Sure, Madison had a ton of talent, a plethora of travel ball players that a coach covets. But the Knights were super young this season. They didn’t have a senior on the roster and they relied on two freshman hitters in the middle of the order (Gina Gerone and Samantha Rodriguez) and sophomore Kayla Hill as their ace. Dumont put together a brutal schedule to get his team ready for the playoffs and it worked. Madison made it all the way to the PSAL Class A city championship game.

ALL−BROOKLYN FIRST TEAM

P Victoria Capozucca, Poly Prep

This is all you need to know about Capozucca: Poly Prep has won the NYSAISAA title every single season the junior has been on the team, including when she was in eighth grade. The Blue Devils have won four of those in a row and Capozucca was in the circle for every single one of them. Her best performance this year might have come against Tottenville, the city’s best team. In a non−league game, she gave up two runs, none earned, on four hits and struck out 11 against the Pirates.

SS Stephanie Caso,

Poly Prep

With her limitless range and acrobatic snares, Caso made even the toughest plays look almost routine. Defensively, there wasn’t a shortstop in New York City that could match her. That’s not the only reason she’ll be playing softball next year at the University of Pennsylvania, either. Caso is a great leadoff hitter, is always on base and has great speed. She has been the undisputed leader of Poly Prep’s best core group ever.

P Tiffany Irrera,

Bishop Kearney

Kearney won its first Brooklyn division title since 2004 and Irrera was a big reason why. The crafty junior windmiller uses a multitude of pitches and speeds to surrender just two runs in the team’s four games against rivals Fontbonne Hall and St. Edmund Prep, en route to an undefeated regular season. She was one of the Tigers’ key bats as well and will keep them in contention for the division title again next season.

P Emma Ferrington,

St. Edmund

Ferrington emerged as one of Brooklyn’s best and most consistent pitchers, helping the Eagles to their best season in recent memory. The junior has excellent velocity and superb command. After being in bed sick with a fever the day prior, Ferrington tossed a gem in a 1−0 loss to St. Francis Prep in the CHSAA Brooklyn⁄Queens quarterfinals. She could make the Eagles the division favorite next season.
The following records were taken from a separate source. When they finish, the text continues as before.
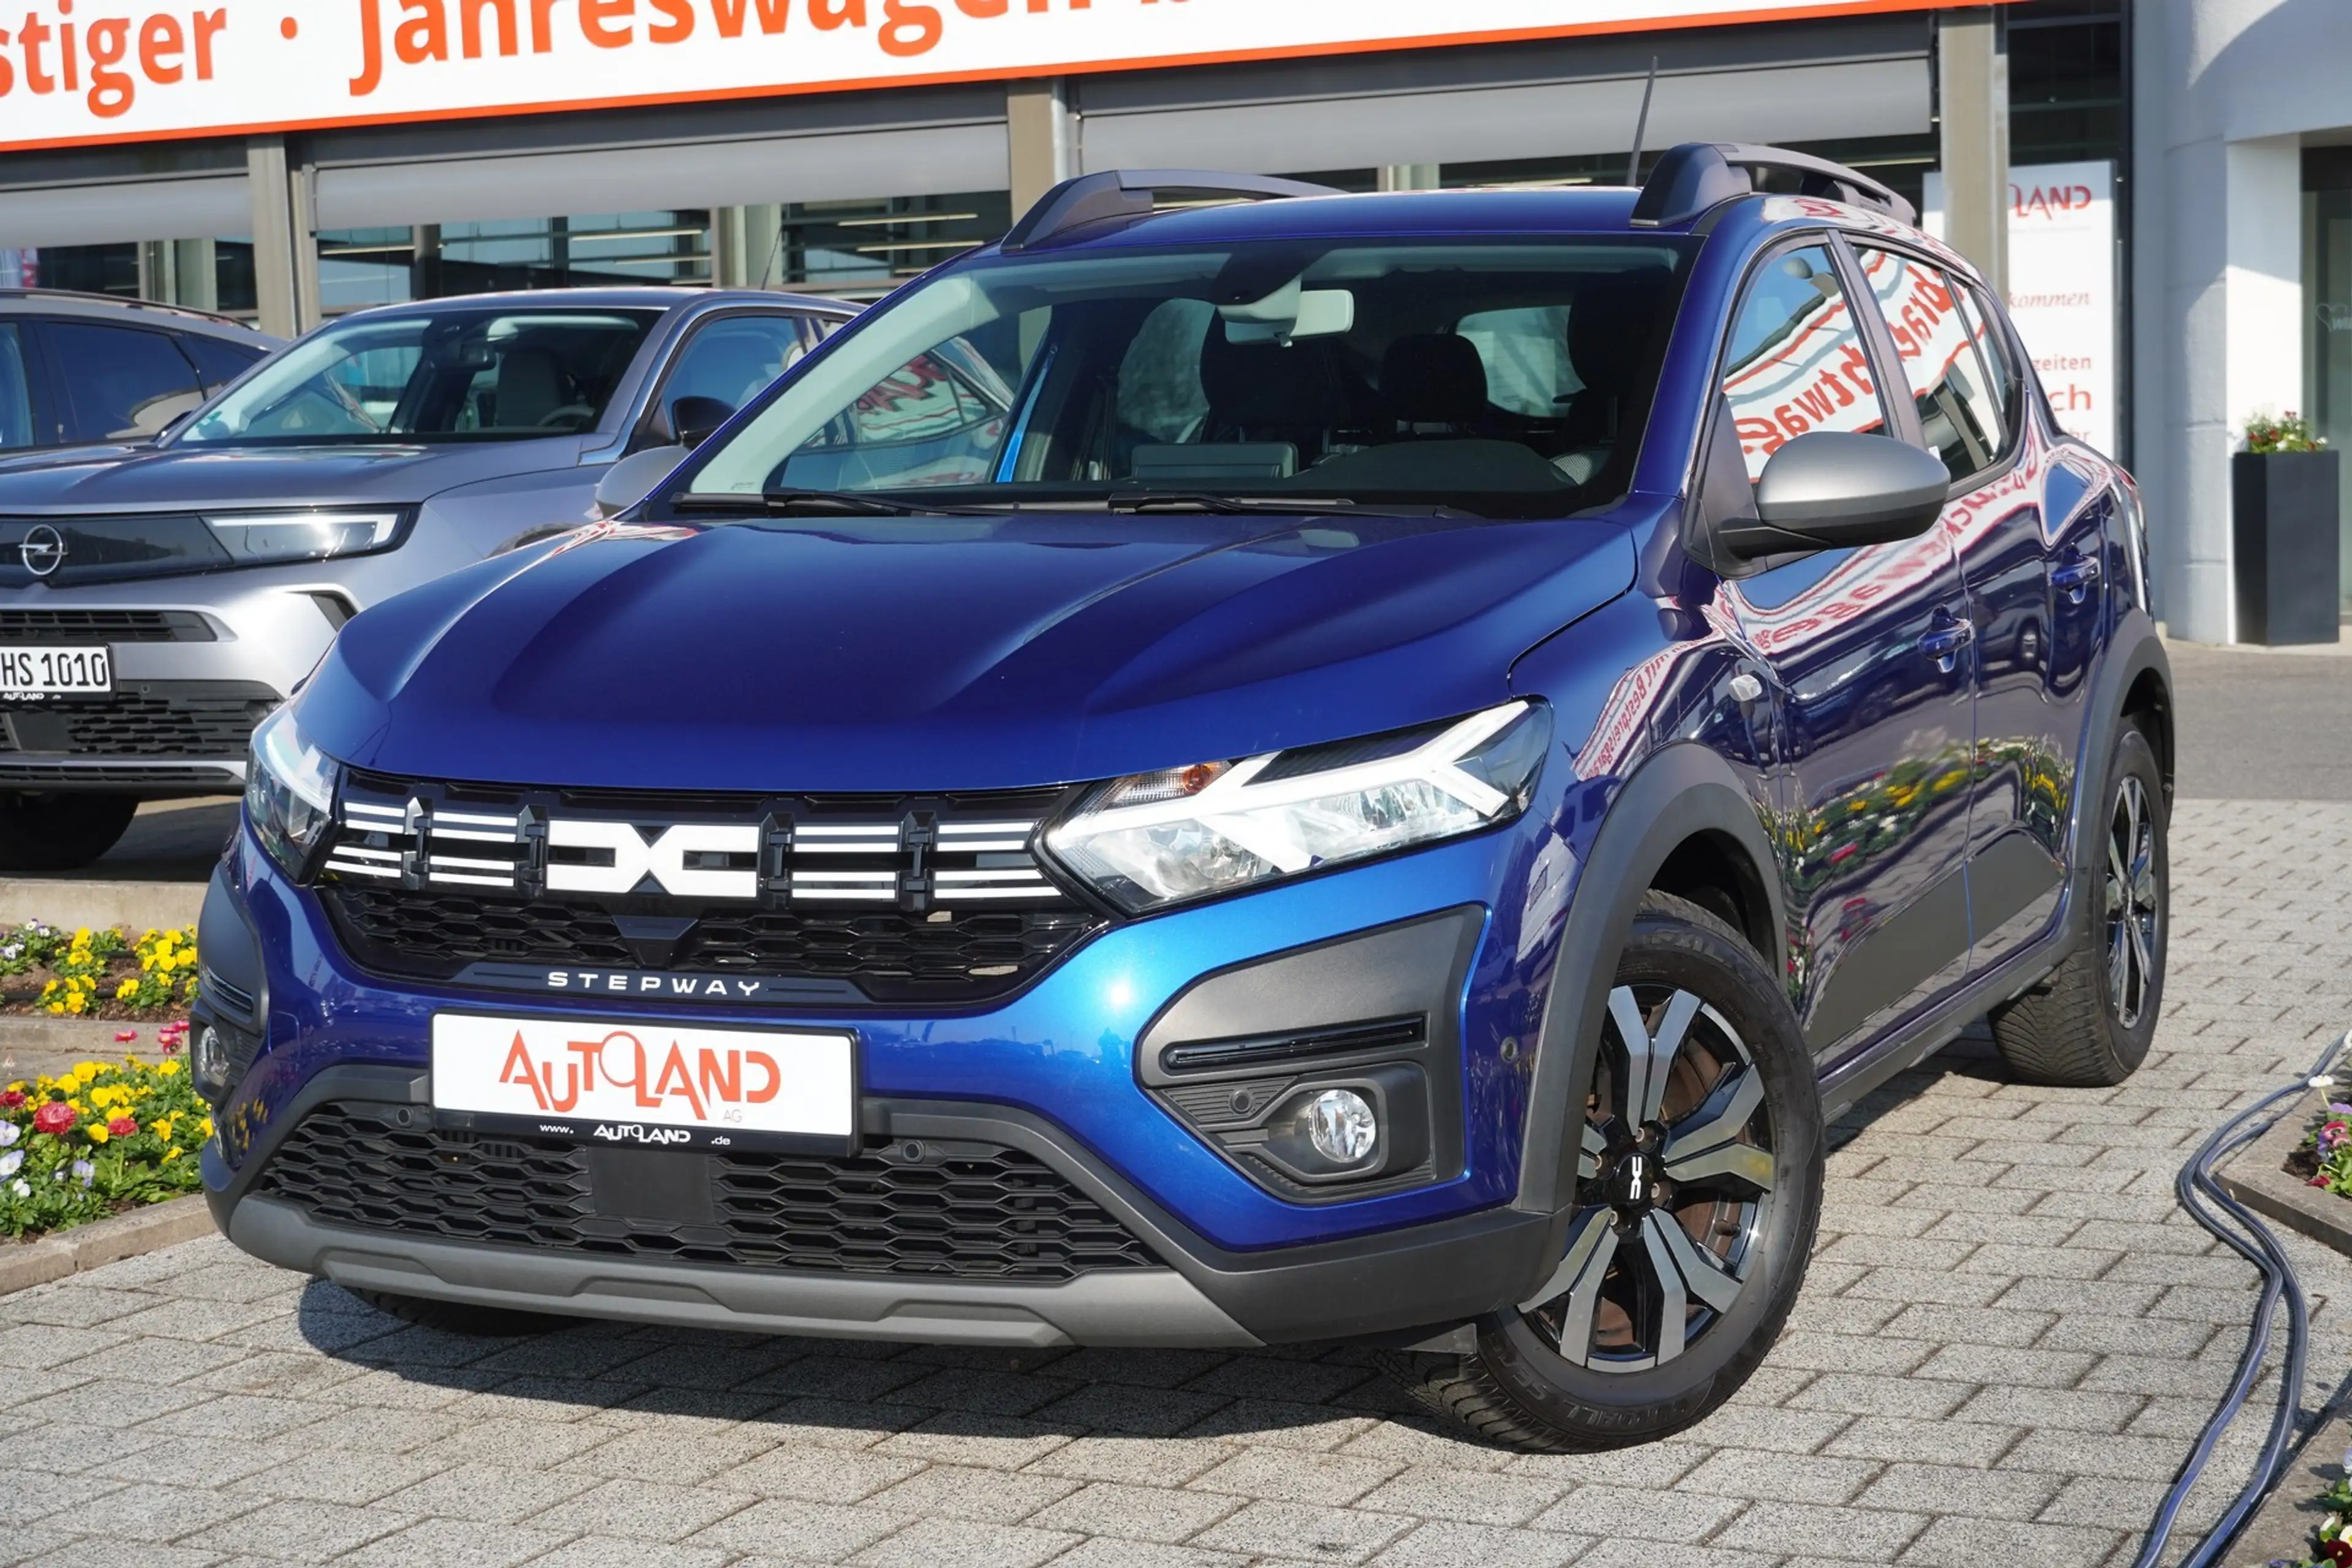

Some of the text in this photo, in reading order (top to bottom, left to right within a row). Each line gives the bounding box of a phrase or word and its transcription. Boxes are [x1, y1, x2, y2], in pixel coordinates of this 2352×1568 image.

[349, 0, 1088, 96] Jahres
[2009, 184, 2092, 221] LAND
[1, 652, 108, 687] HS 1010
[548, 971, 760, 996] STEPWAY
[499, 1029, 781, 1121] AUTOLAND
[723, 1109, 743, 1123] AG
[540, 1125, 731, 1145] www. AUTOLAND .de
SS Corine Fitzgibbons, Fontbonne Hall

Fontbonne coach Frank Marinello consistently called Fitzgibbons the “best player in the borough.” She certainly didn’t disappoint. It’s hard to find a more complete player. The Polytechnic−bound senior is an extra−base hit waiting to happen at the plate, something that kept outfields deep. She was a sure fielder at short and the team’s unquestioned leader.
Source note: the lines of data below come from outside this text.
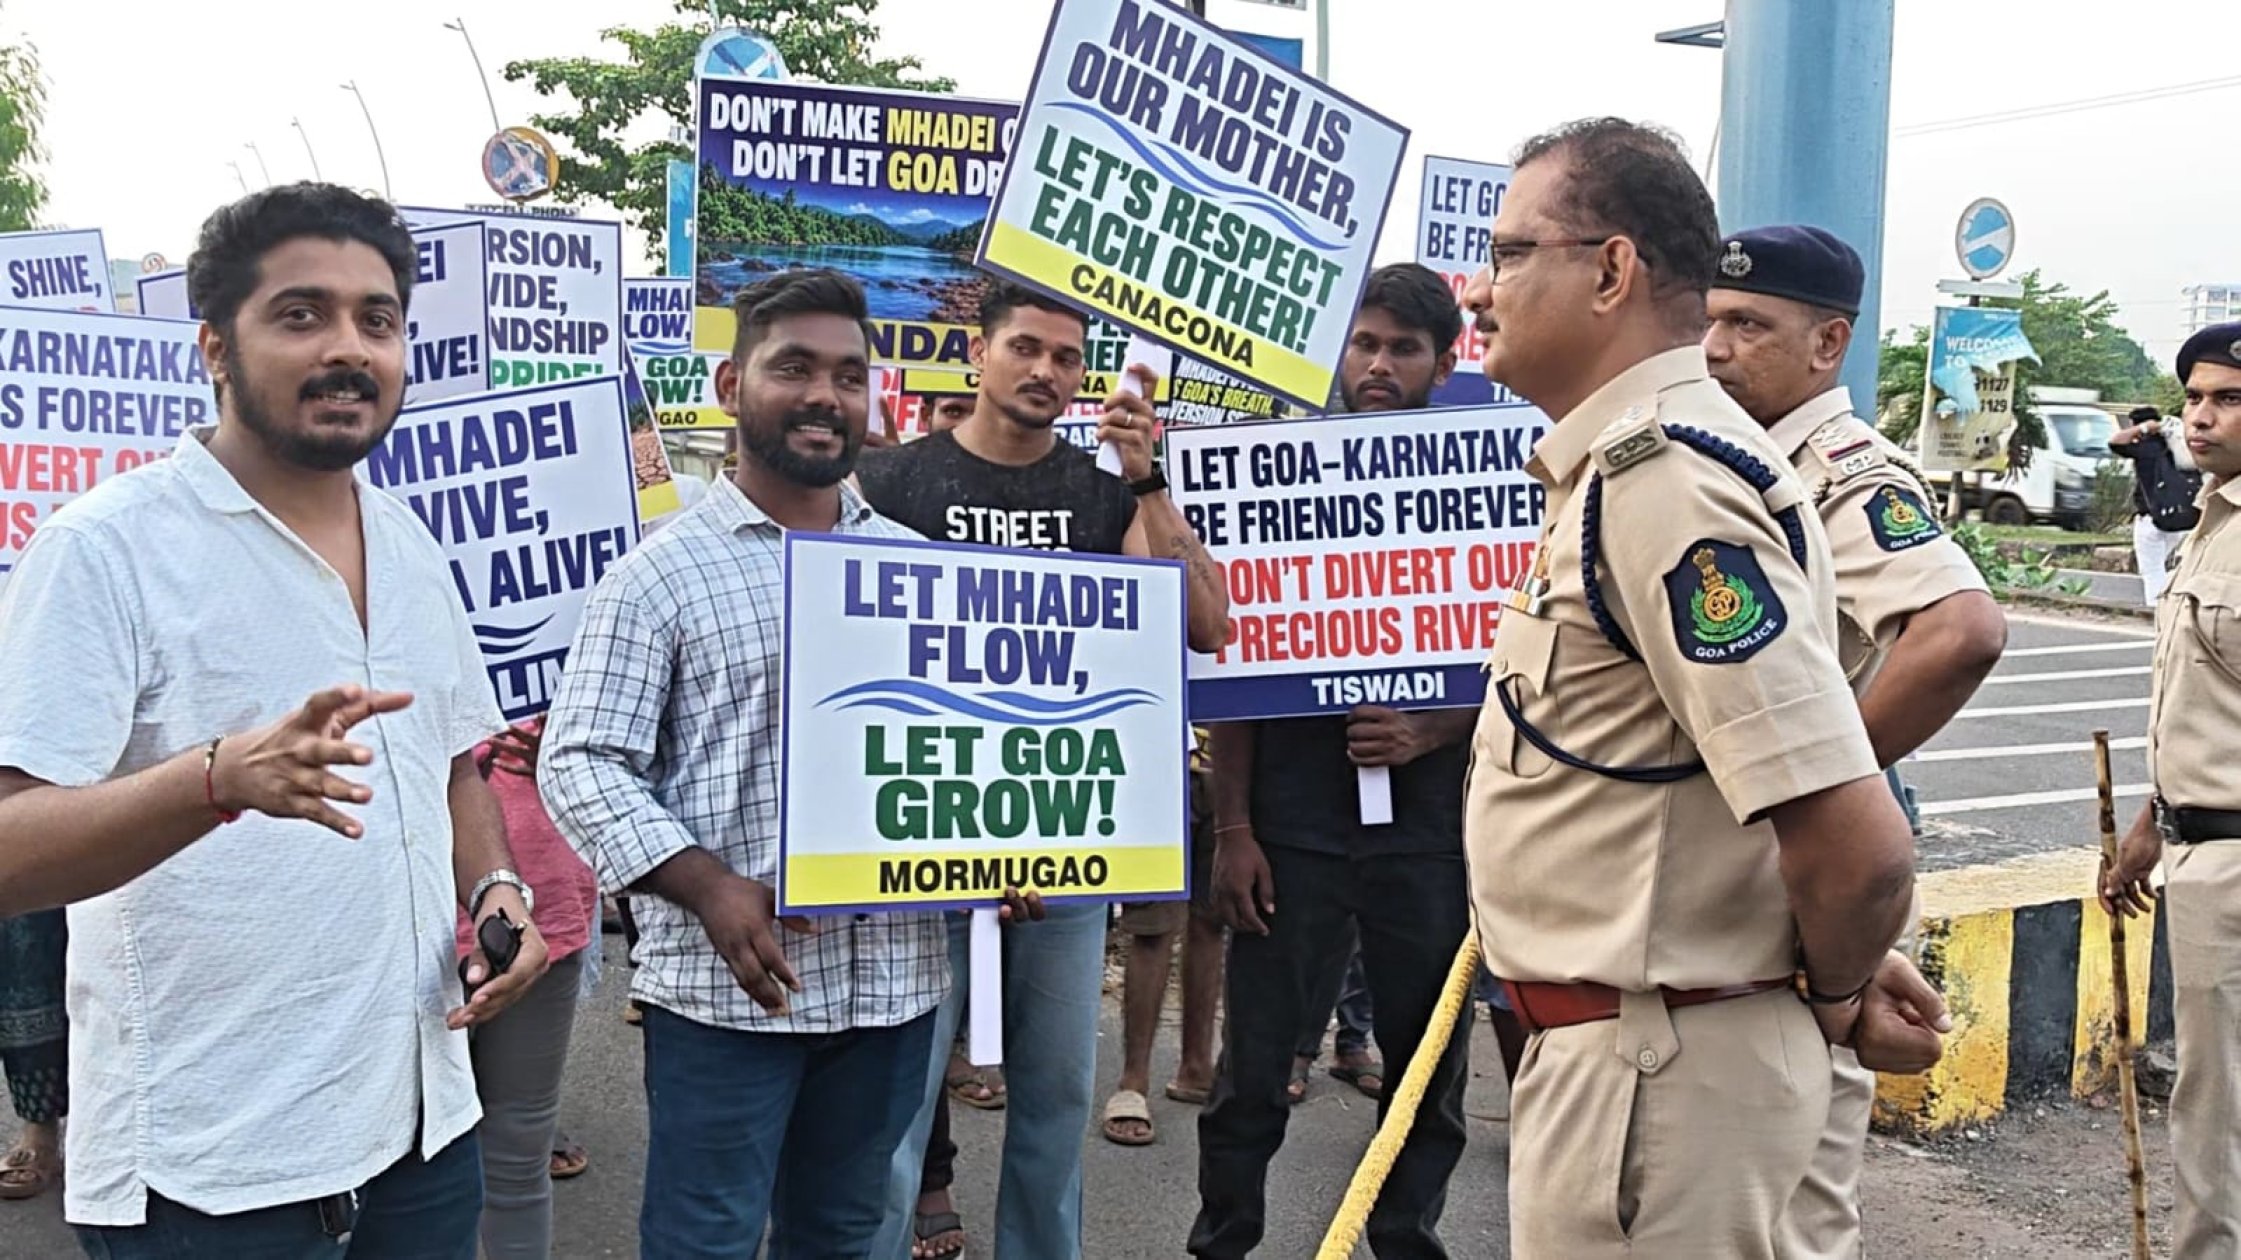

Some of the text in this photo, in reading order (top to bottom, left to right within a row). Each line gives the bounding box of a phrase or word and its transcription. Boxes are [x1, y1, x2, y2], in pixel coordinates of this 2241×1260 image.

[1109, 2, 1352, 163] MHADEI IS
[710, 92, 797, 136] DON'T
[801, 100, 881, 143] MAKE
[886, 107, 996, 154] MHADEI
[1067, 41, 1359, 238] OUR MOTHER,
[732, 139, 826, 183] DON'T
[830, 147, 884, 188] LET
[887, 151, 959, 195] GOA
[1430, 174, 1473, 215] LET
[1033, 124, 1343, 307] LET'S RESPECT
[1426, 221, 1457, 261] BE
[8, 254, 102, 299] SHINE,
[1029, 183, 1317, 355] EACH OTHER!
[1070, 263, 1255, 368] CANACONA
[646, 355, 709, 378] GOA
[368, 400, 579, 490] MHADEI
[1180, 445, 1240, 492] LET
[945, 505, 1073, 548] STREET
[1184, 502, 1229, 546] BE
[1238, 491, 1386, 546] FRIENDS
[844, 558, 1140, 631] LET MHADEI
[1323, 546, 1457, 600] DIVERT
[908, 623, 1089, 696] FLOW,
[1695, 617, 1778, 658] GOA POLICE
[1311, 671, 1446, 706] TISWADI
[865, 725, 1126, 776] LET GOA
[875, 778, 1116, 842] GROW!
[878, 853, 1108, 894] MORMUGAO
SS Gina Gerone, James Madison

Freshmen are not supposed to play like Gerone did this season. She was excellent in the regular season, but in the playoffs, when the pitching got better, Gerone thrived. There was no better postseason hitter in the city. She was 13−for−18 with a home run, a triple, two doubles, 12 RBIs and nine runs scored in five games. In the final against Alyssa Corvino, arguably the best pitcher in the city, she was 2−for−3 with a double, an RBI and a run scored. Look out for Gerone the next three years.
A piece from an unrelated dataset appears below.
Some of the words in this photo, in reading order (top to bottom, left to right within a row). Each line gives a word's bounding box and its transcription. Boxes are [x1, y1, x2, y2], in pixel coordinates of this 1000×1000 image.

SS Millicia Malvasio, Bishop Kearney

You may not find a tougher player than Malvasio. The senior played most of the year with a broken nose she suffered hanging in on a play at second and wore a catcher’s mask in the field. Any ball hit near her at short was an out because of her sure glove and strong arm. Malvasio, a vocal leader, was a rally starter at the top of the order with her speed on the bases and her ability to make contact.